▶ **Problem to work on**: Wherever a picture appears, skip it and retype the rest of the data exactly.

[Start of section]

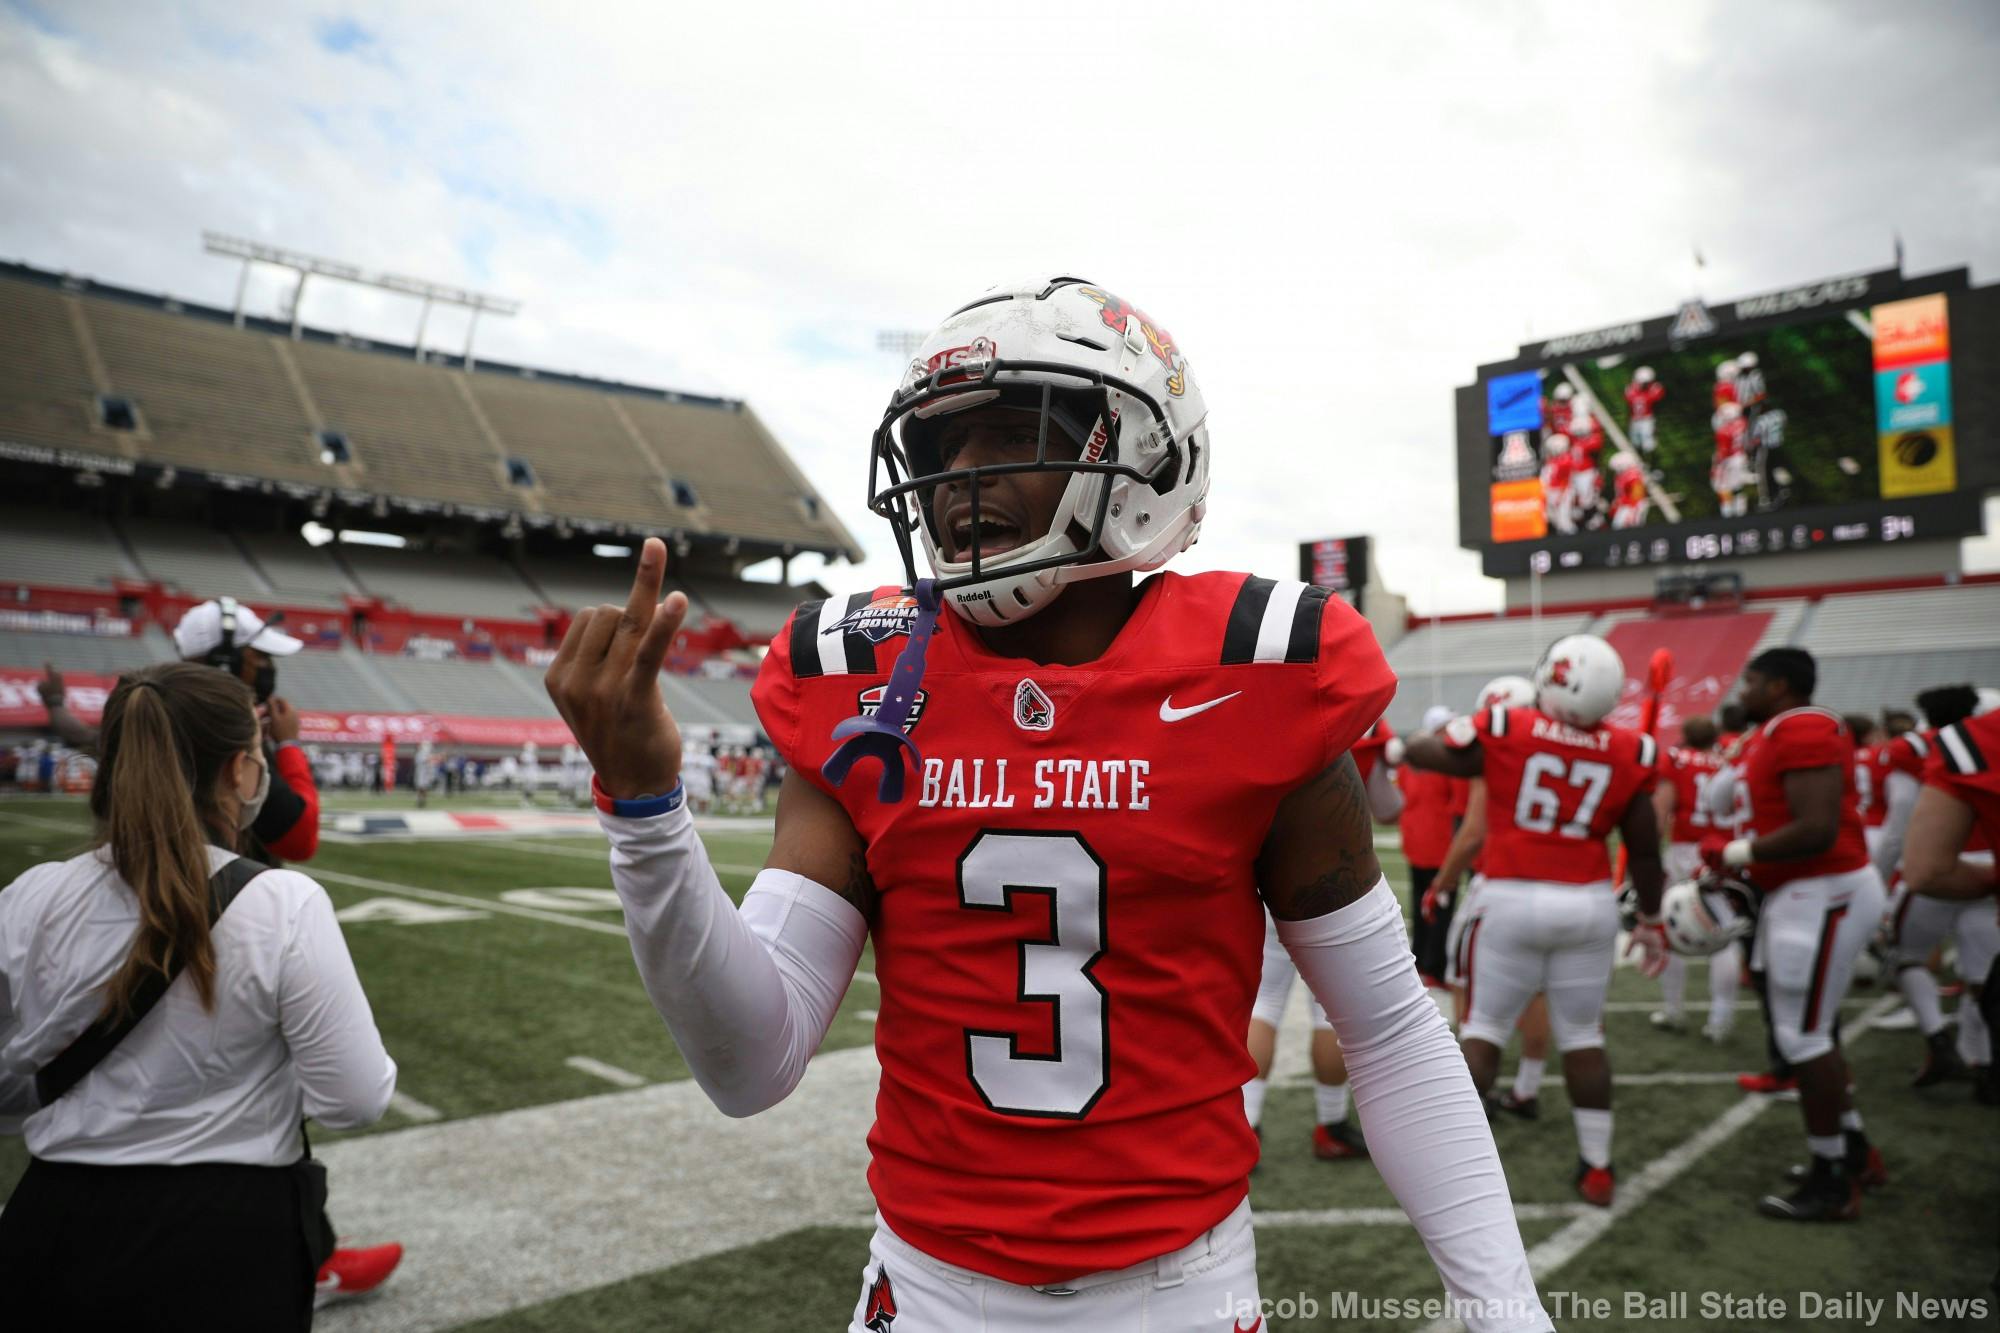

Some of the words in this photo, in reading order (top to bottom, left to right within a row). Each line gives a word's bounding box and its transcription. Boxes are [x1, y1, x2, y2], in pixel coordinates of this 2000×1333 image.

[956, 590, 993, 603] Riddell
[849, 607, 919, 621] ARIZONA
[857, 618, 905, 630] BOWL
[918, 758, 1015, 809] BALL
[1034, 758, 1151, 811] STATE
[1514, 752, 1612, 840] 67
[956, 828, 1111, 1121] 3

[End of section]

▶ **Solution for this exercise**:
Some of the words in this photo, in reading order (top to bottom, left to right within a row). Each line gives a word's bounding box and its transcription. Boxes are [x1, y1, x2, y2], in pixel coordinates of this 2000×1333 image.

[956, 590, 993, 603] Riddell
[849, 607, 919, 621] ARIZONA
[857, 618, 905, 630] BOWL
[918, 758, 1015, 809] BALL
[1034, 758, 1151, 811] STATE
[1514, 752, 1612, 840] 67
[956, 828, 1111, 1121] 3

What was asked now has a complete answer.